Take a cable car up Fansipan Mountain
The recently opened cable car on Fansipan Mountain allows visitors to enjoy the incredible views without having to conquer the peak on foot. SunGroup, who installed the cable car in 2016, have received two Guinness World Records for the longest non-stop three-rope cable car (6292,5m) and the greatest elevation difference by a non-stop three-roped cable car (1410m). The cable car whisks people from the bottom of the mountains, just behind the town, up over the pine forests, through the clouds and up to the peak. From the top, you can enjoy unrivalled views of the mountains peeking through the clouds and the tumbling Moung Hoa Valley. The whole journey takes just 20 minutes, a fraction of the time it takes to conquer on foot. It also gives those who would like to hike on the mountain the choice of either walking up and taking the cable car down or taking the cable car up and walking down.

Stay in a homestay
For many people, the main draw of Sapa is unique cultural experience it offers. The mountainside villages are made up of many different ethnic minority groups who have retained their traditional cultures and lifestyles.
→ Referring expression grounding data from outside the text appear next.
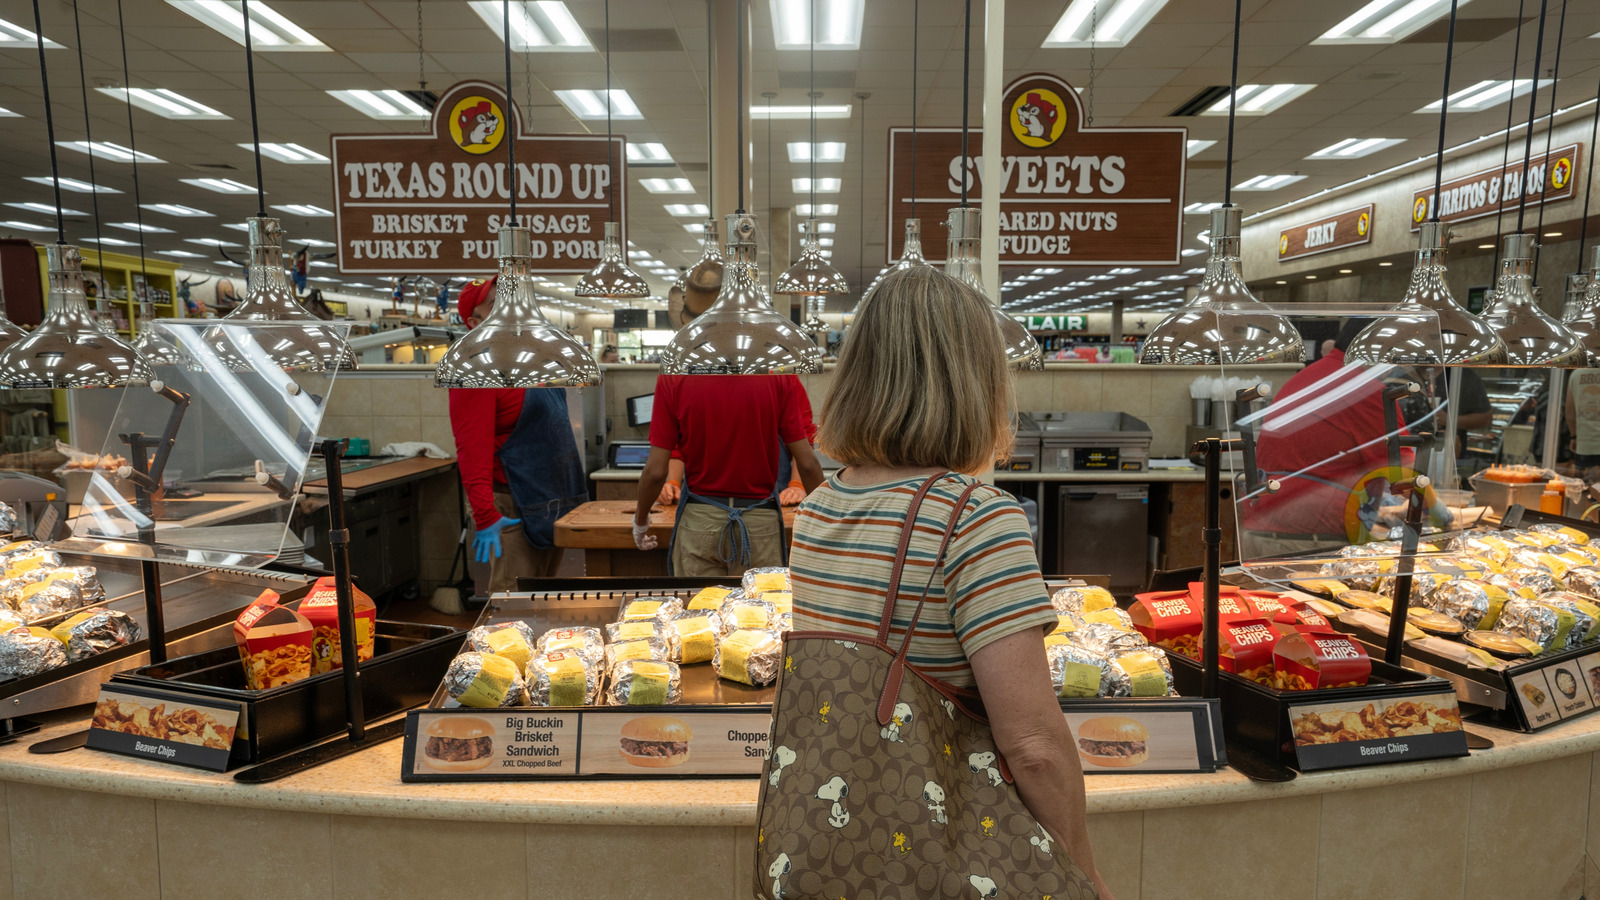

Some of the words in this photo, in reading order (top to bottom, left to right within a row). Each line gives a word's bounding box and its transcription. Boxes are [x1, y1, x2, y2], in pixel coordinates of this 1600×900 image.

[344, 161, 447, 199] TEXAS
[452, 162, 563, 199] ROUND
[569, 163, 610, 200] UP
[948, 155, 1126, 195] SWEETS
[1488, 176, 1501, 205] &
[372, 214, 468, 234] BRISKET
[487, 214, 591, 234] SAUSAGE
[999, 211, 1055, 231] ARED
[1059, 211, 1118, 232] NUTS
[1304, 221, 1338, 248] JERKY
[350, 240, 442, 259] TURKEY
[999, 235, 1071, 255] FUDGE
[307, 596, 338, 607] CHIPS
[1152, 598, 1186, 609] BEAVER
[1157, 604, 1192, 618] CHIPS
[1229, 623, 1267, 636] BEAVER
[1235, 631, 1274, 646] CHIPS
[1314, 638, 1352, 648] BEAVER
[1321, 646, 1360, 660] CHIPS
[506, 717, 523, 731] Big
[526, 717, 563, 728] Buckin
[515, 731, 553, 742] Brisket
[727, 729, 768, 744] Choppe
[135, 741, 158, 754] Beaver
[157, 745, 177, 758] Chips
[506, 745, 560, 757] Sandwich
[744, 745, 765, 757] San
[1360, 745, 1387, 756] Beaver
[1387, 742, 1409, 754] Chips
[516, 759, 546, 768] Chopped
[547, 759, 562, 767] Beef
We believe the best way to really learn about these cultures and begin to understand their ideals, is to spend time with the families, in their homes, participating in their daily routines. The homestay experience allows you to understand the joy and hardship of life in the mountains, uncover the generations-old customs and support local families in building a better future. These homestays also allow you to trek to some of the most remote areas of Sapa over a number of days, staying with different families along the way. Homestays allow you to discover the incredible hospitality of the local people in Sapa, who are always happy to look after their guests and teach them about their culture.
Although the accommodation in the homestays is generally very basic, in order to be registered as a homestay, the property must have a flushing toilet, mosquito nets and food hygiene approval. Guests will often share a communal sleeping space which is separate from that of the family, but everyone will share meals together.
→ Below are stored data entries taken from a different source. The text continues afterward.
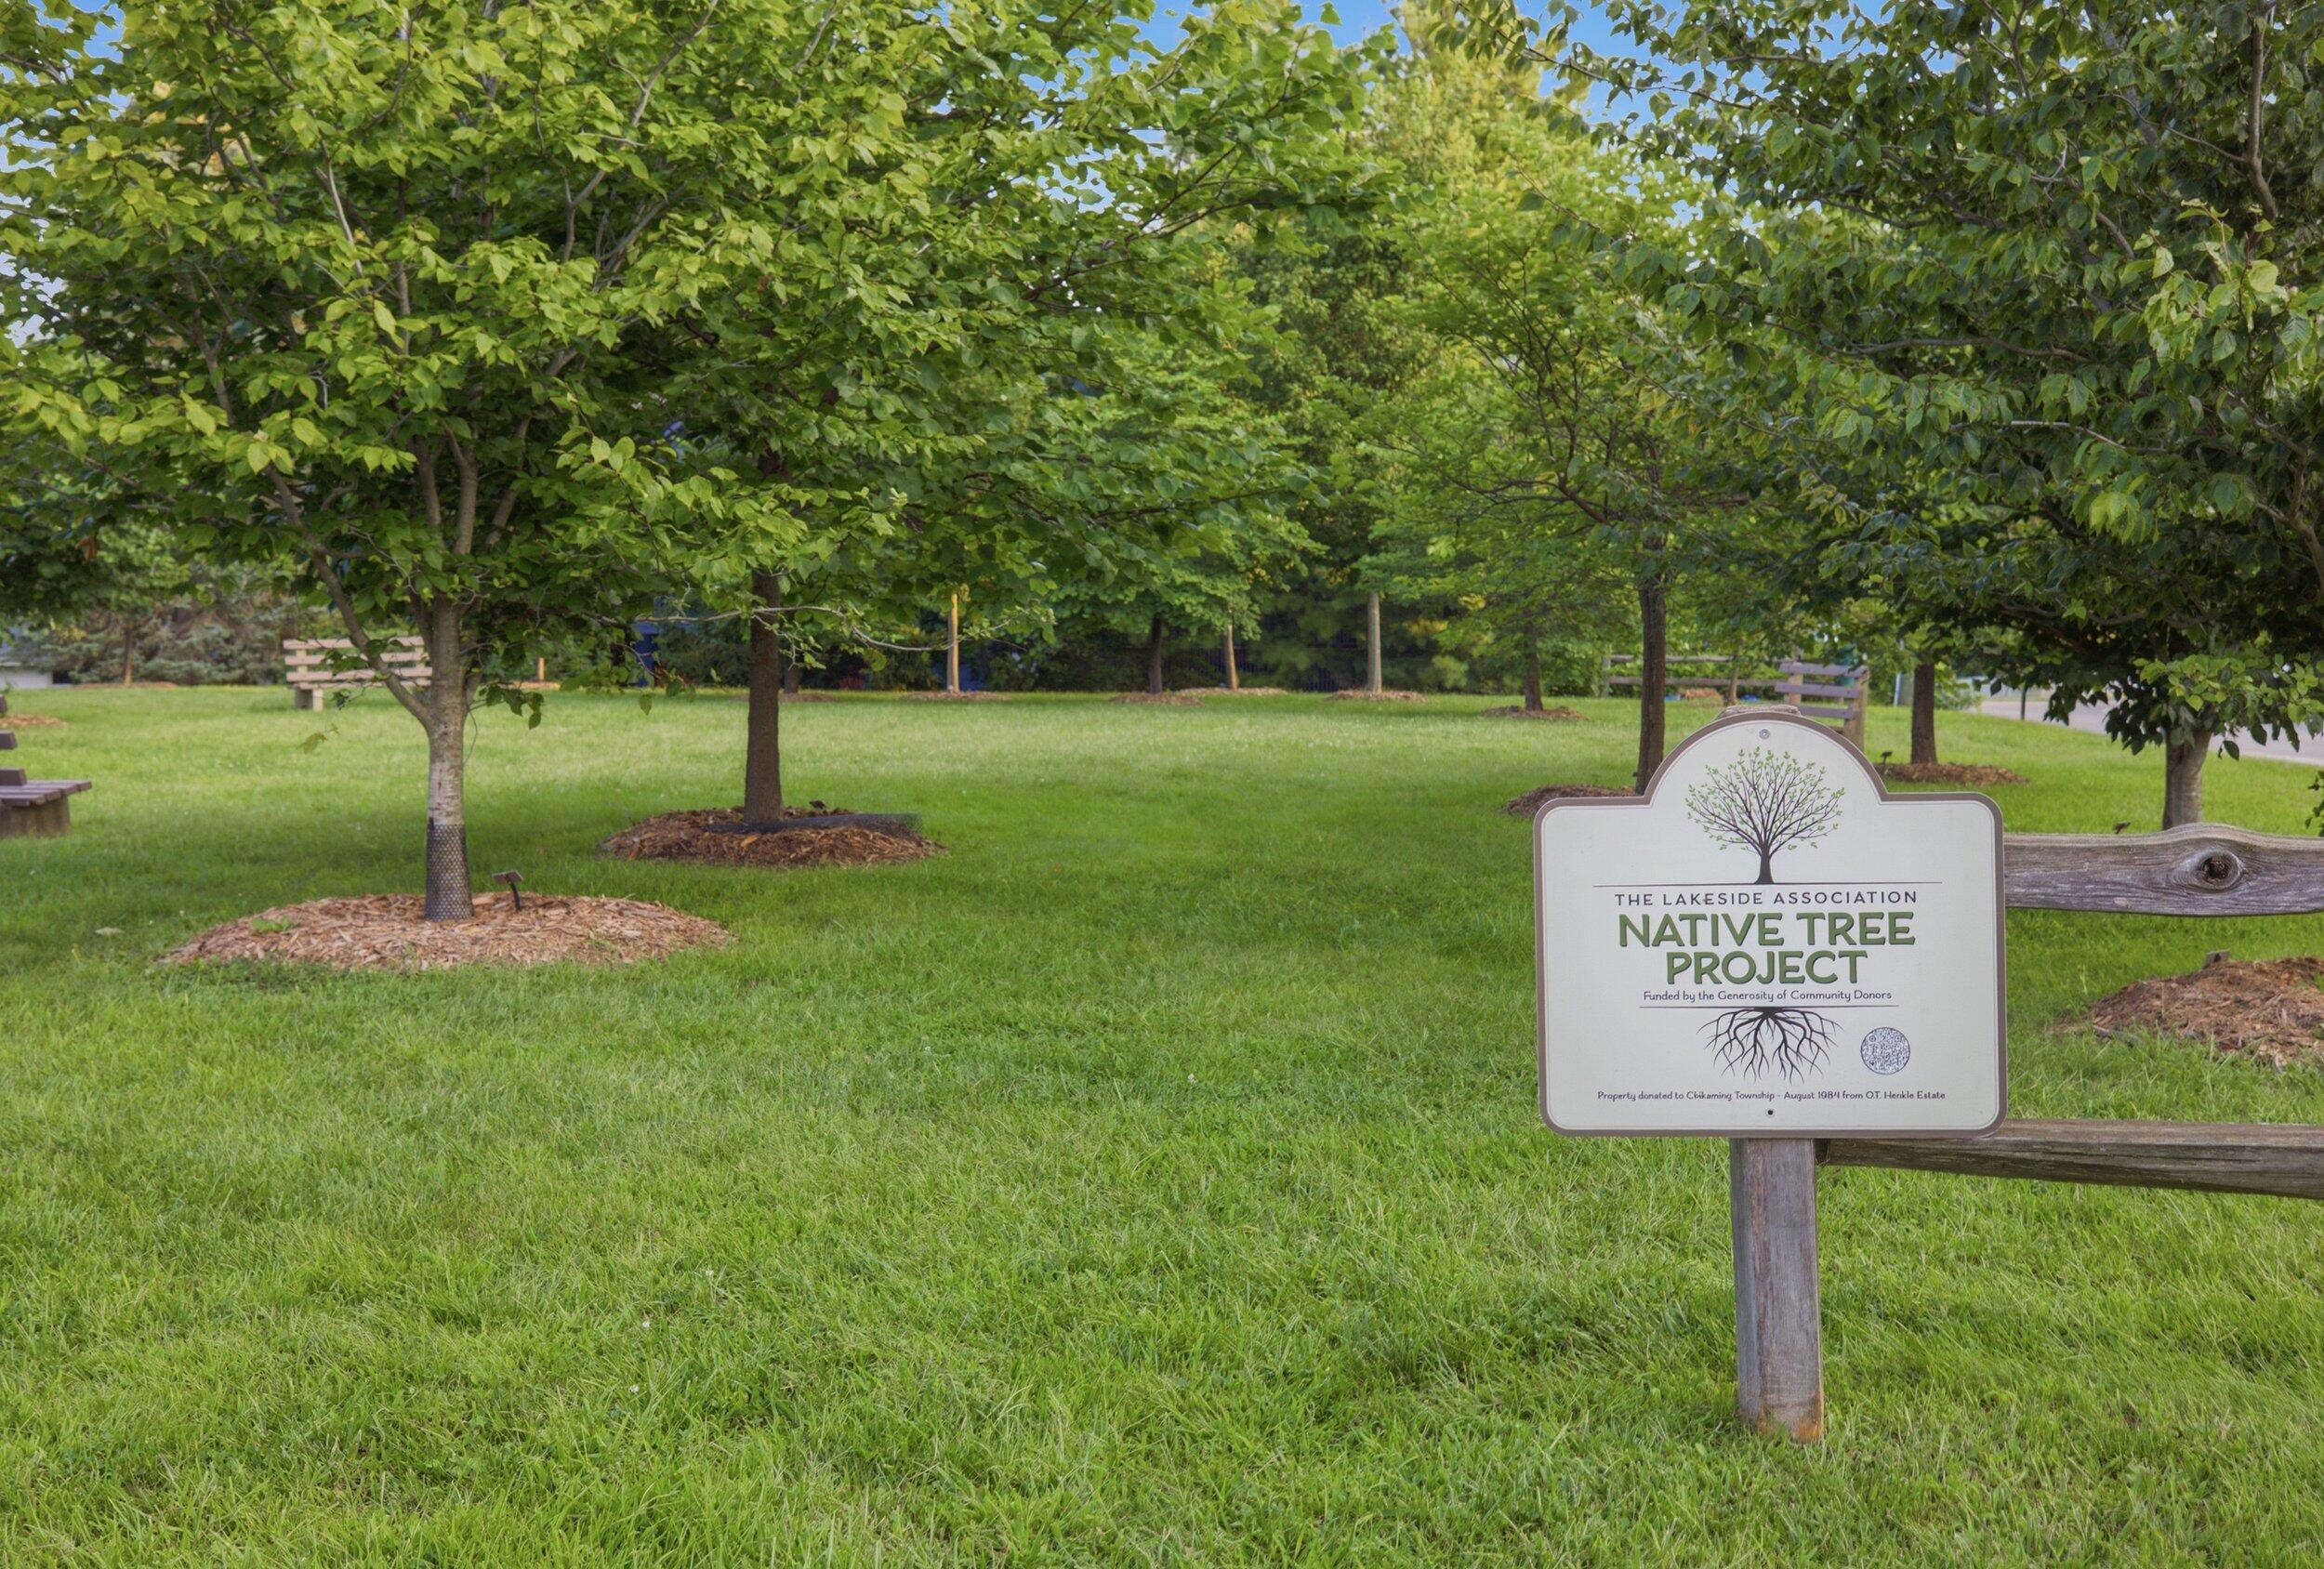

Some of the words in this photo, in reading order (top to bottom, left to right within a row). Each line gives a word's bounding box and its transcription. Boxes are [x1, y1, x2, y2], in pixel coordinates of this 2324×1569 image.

[1614, 893, 1654, 906] THE
[1662, 892, 1763, 906] LAKESIDE
[1773, 890, 1917, 904] ASSOCIATION
[1618, 912, 1785, 947] NATIVE
[1795, 912, 1917, 946] TREE
[1666, 949, 1868, 985] PROJECT
[1643, 990, 1681, 1001] Funded
[1682, 991, 1696, 1004] by
[1697, 990, 1715, 1001] the
[1717, 990, 1775, 1003] Generosity
[1776, 989, 1788, 1000] of
[1789, 989, 1852, 1003] Community
[1854, 989, 1893, 1000] Donors
[1597, 1090, 1637, 1102] Property
[1637, 1090, 1673, 1101] donated
[1674, 1091, 1684, 1101] to
[1734, 1090, 1776, 1102] Township
[1783, 1090, 1816, 1102] August
[1817, 1090, 1841, 1101] 1984
[1842, 1090, 1864, 1101] from
[1883, 1090, 1915, 1101] Henkle
[1916, 1090, 1947, 1101] Estate
If you choose to stay in a homestay, you will have invaluable experiences, which will make your trip truly unforgettable. From learning traditional embroidery techniques to sharing meals with the family and most likely, a few cups of the infamous rice wine, homestays offer so much more than a run of the mill hotel. As well as taking away some amazing memories, you can leave knowing that you have made a big difference to a local family. By supporting local businesses and taking a more ethical approach to travelling, you are directly supporting that family.

Discover the amazing textiles
The image of indigo-dyed fabric embroidered with brightly coloured designs and intricate weaved patterns is ubiquitous with the image of Sapa. The traditional outfits of the different ethnic groups vary but all showcase the incredible skill of the women who make all of the clothing using traditional methods.  Although many of the traditional outfits of the different ethnic groups in Sapa share some similarities, the exact design and motifs used vary. The hand-dyed fabrics are weaved with cultural and historical significance, allowing people to show their heritage through their dress. Spending time learning these designs and techniques is an unbeatable way of bonding with the people you meet and learning about their culture. You will be amazed at the skill and dexterity of the women who have been practising the art since they were young girls, and although you may struggle at first, you will soon get the hang of it! As well as picking up some new skills, you will also be supporting local women in building a better future for themselves and their families.